Israeli diplomatic sources said Friday that Palestinian President Yasser Arafat and Israeli Foreign Minister Shimon Peres are likely to meet Saturday night, and it will subject to the security situation in the Palestinian territories, reported Haaretz newspaper.
But it quoted Palestinian sources as saying that Peres had asked Arafat to delay the meeting to Sunday
An Israeli cabinet meeting held late Thursday night ended with no substantial decisions reached in regard to a meeting between Peres and Arafat.
Diplomatic sources said that Sharon would affirmatively respond the request from the United States to allow the Peres-Arafat meeting to take place, despite the fragile ceasefire that is not absolute.
Before midnight Thursday cabinet ministers held a diplomatic-security meeting.

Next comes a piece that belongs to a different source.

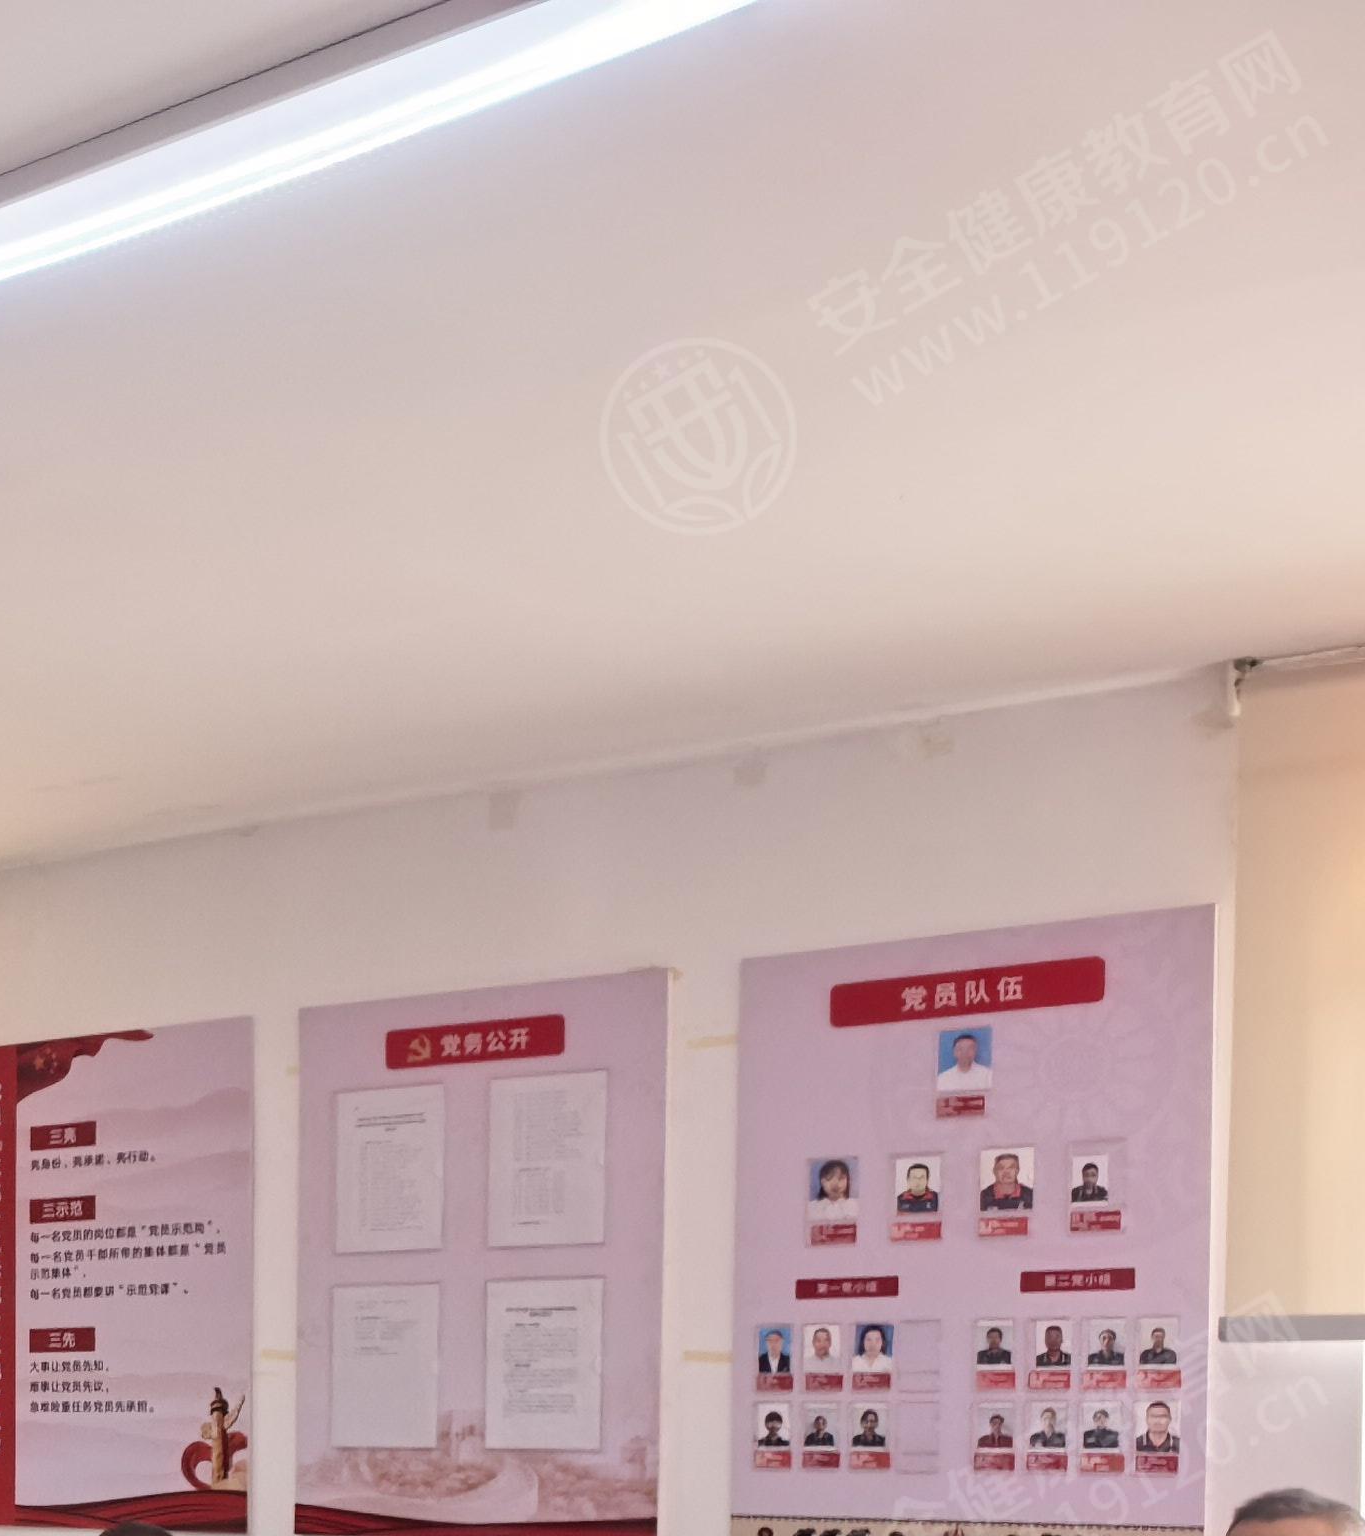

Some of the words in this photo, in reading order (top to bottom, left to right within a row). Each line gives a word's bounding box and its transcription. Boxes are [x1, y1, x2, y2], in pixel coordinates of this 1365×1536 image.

According to the paper, several high-ranking Israeli military officials said that a cease-fire proposed by Arafat on Wednesday was not “holding out.”
They said that Arafat was making efforts to enforce the truce, but that they were not enough. The officials added that the proposal was only a “tactical step intended to buy time.”
Before the cabinet convened, Peres and Sharon met to discuss Peres' planned meeting with Arafat.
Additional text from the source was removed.